To assess the relative quality and completeness of the assembly, we compared core assembly statistics and evaluated completeness using the BUSCO (benchmarking universal single-copy orthologs) vertebrate gene set [11] to two recent passerine transcriptomes available in the NCBI TSA that also used the Trinity assembler: Carduelis chloris, GBCG00000000.1 [12] and Zonotrichia albicollis, GBBC00000000.1 (Table 1, 2). Our assembly compares favorably in terms of core statistics (Table 1). Similarly, BUSCO assessment also reveals comparable completeness (S. vulgaris, 50% complete; C. chloris, 30% complete; Z. albicollis, 62% complete; Table 2) even with a much smaller number of transcripts assembled.
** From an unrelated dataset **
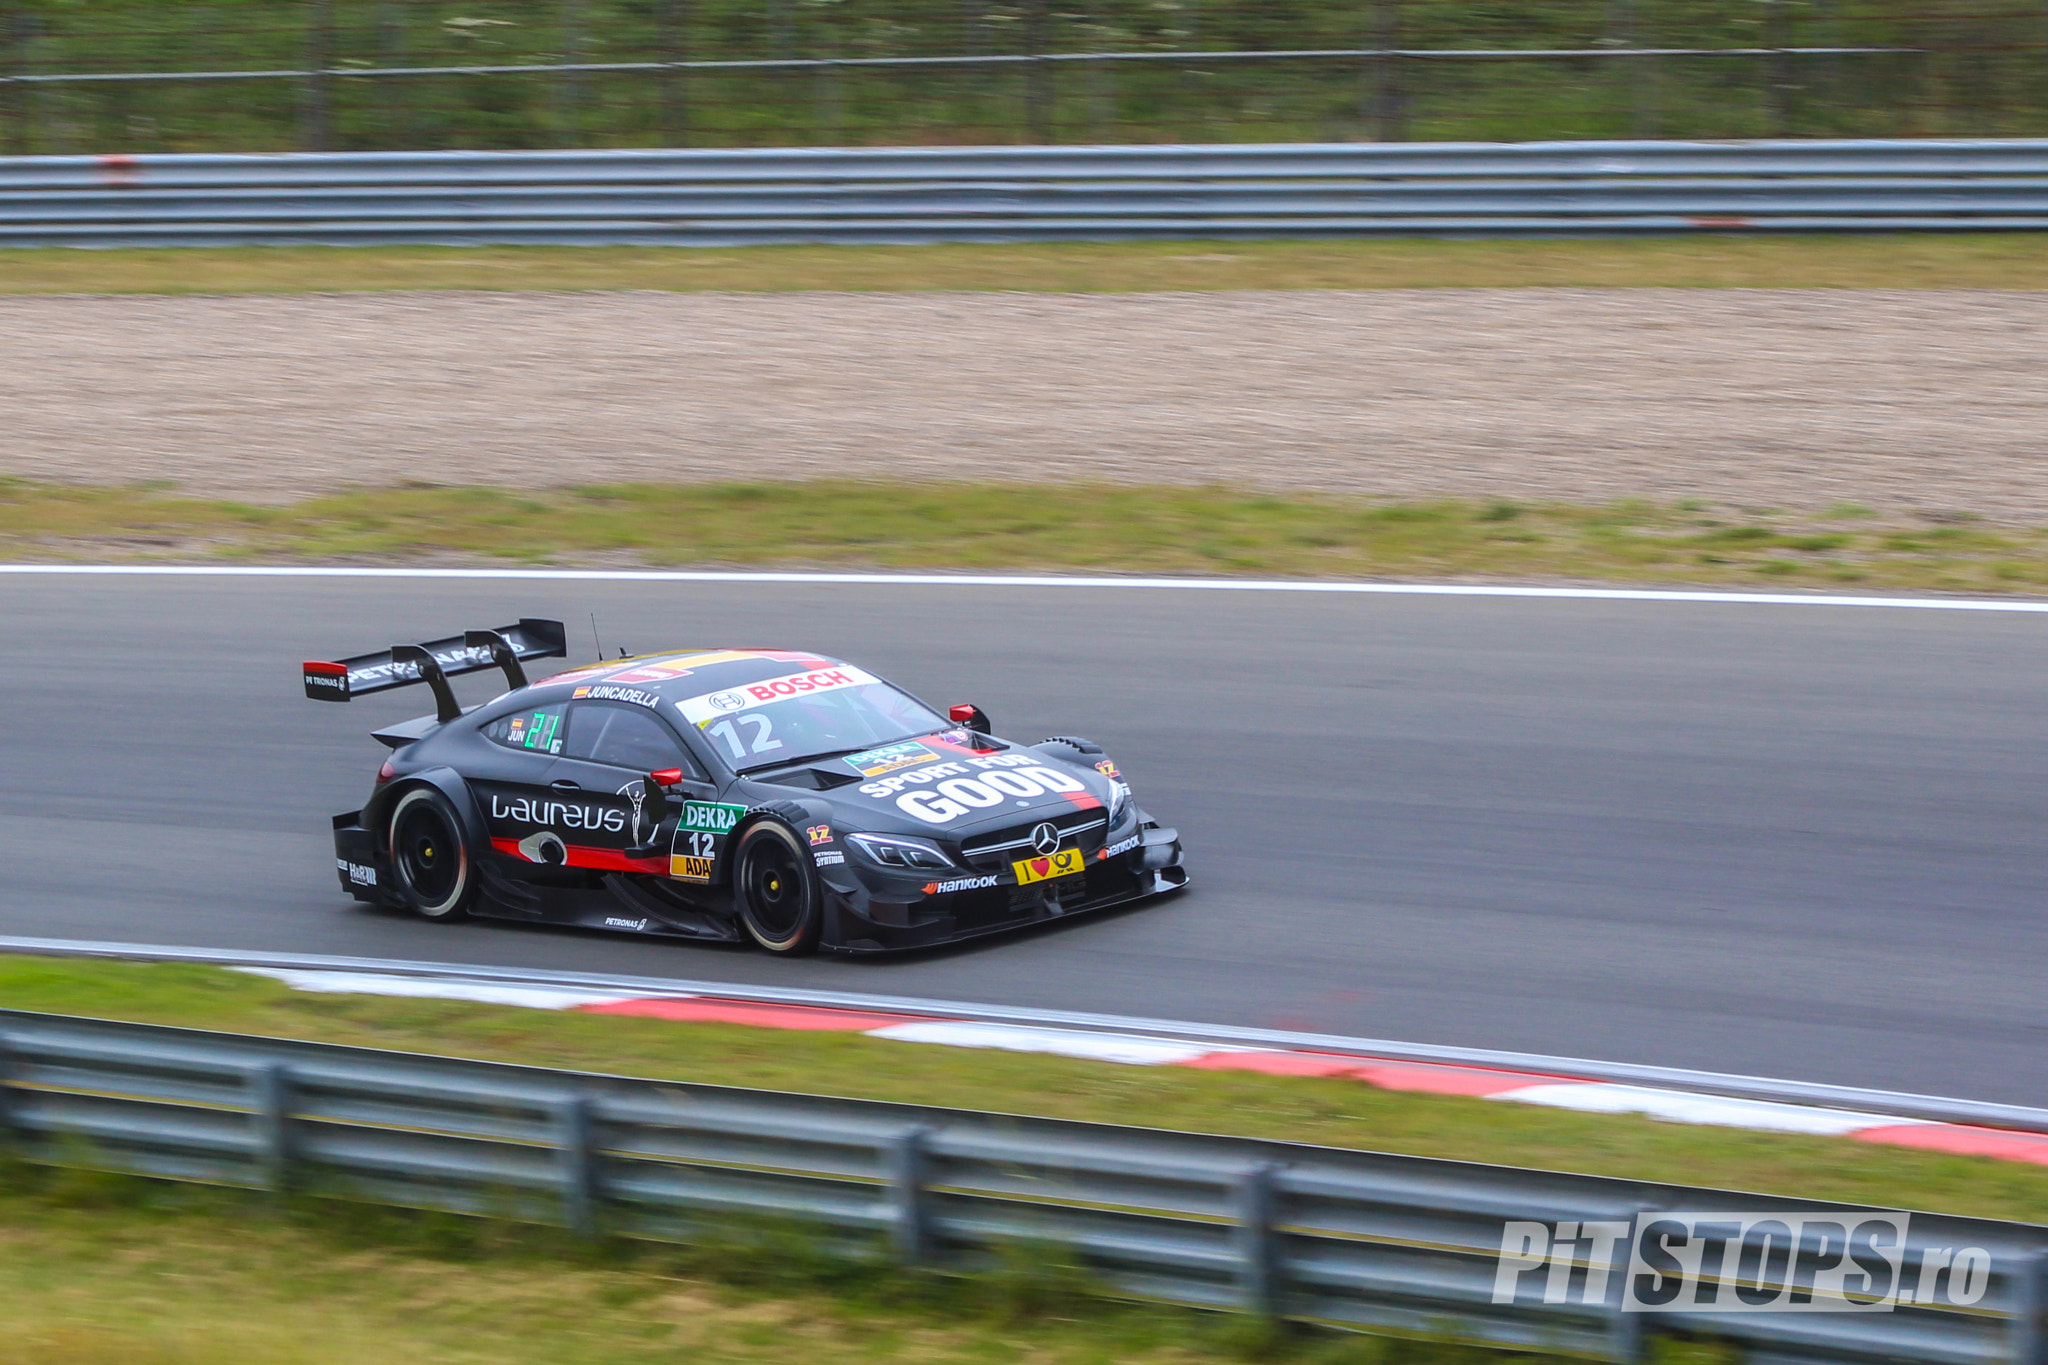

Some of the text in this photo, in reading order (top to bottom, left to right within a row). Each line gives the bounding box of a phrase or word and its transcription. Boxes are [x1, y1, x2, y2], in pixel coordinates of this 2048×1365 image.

The recent S. vulgaris draft genome assembly (NCBI Bioproject: PRJNA304638) includes a predicted transcriptome produced by the NCBI Eukaryotic Genome Annotation Pipeline. We compared the final de novo assembled liver transcriptome set (valid ORF and evidence of expression) to the draft genome and predicted transcriptome to aid characterization of gene features and validate gene models through both a standard and reciprocal best-hit BLAST approach and mapping of our mRNA reads to the genome. As our transcriptome assembly is based on a single tissue we only expect a partial representation of the predicted genes to be confirmed. The standard BLASTn approached revealed 23,557 (98.4 %) of our final transcripts had a significant match (e-value <10 -5) to the genome, with 20,768 (86.7 %) having a significant match to the predicted transcriptome. The reciprocal best-hit approach reduced the number of significant matches to the predicted transcriptome to 10,265 (42.9%), which may in part be due to predicted protein coding genes mapping to multiple isoforms present in our transcriptome assembly. While 11.7% (2,790) of our final transcripts did not produce a significant match to the predicted transcriptome they did produce a significant match to the draft genome assembly - underlying the importance of including RNA-Seq data in the annotation process. We used bbmap v35, (https://sourceforge.net/projects/bbmap/) with default settings to map the mRNA reads used to construct the de novo assembly to both the draft genome and predicted transcriptome, with 84.2% and 69.1% of reads mapping respectively. The higher percentage of reads mapping to the genome indicates there may be missed features in the predicted transcriptome. Additionally, standard BLASTn of the unfiltered de novo assembly to the genome revealed that 58,192 (97.8%) transcripts had a significant match, whereas only 38,021 (63.8%) had a significant match to the predicted transcriptome. This gives further support to the previous conclusion of missing features in the predicted transcriptome and suggests that our filtering (only keeping transcripts with a valid ORF and evidence of expression) may have removed some true transcripts (potential ncRNAs) that are encoded in both the genome and predicted transcriptome. Consequently, we have included these transcripts in the associated public repository [13].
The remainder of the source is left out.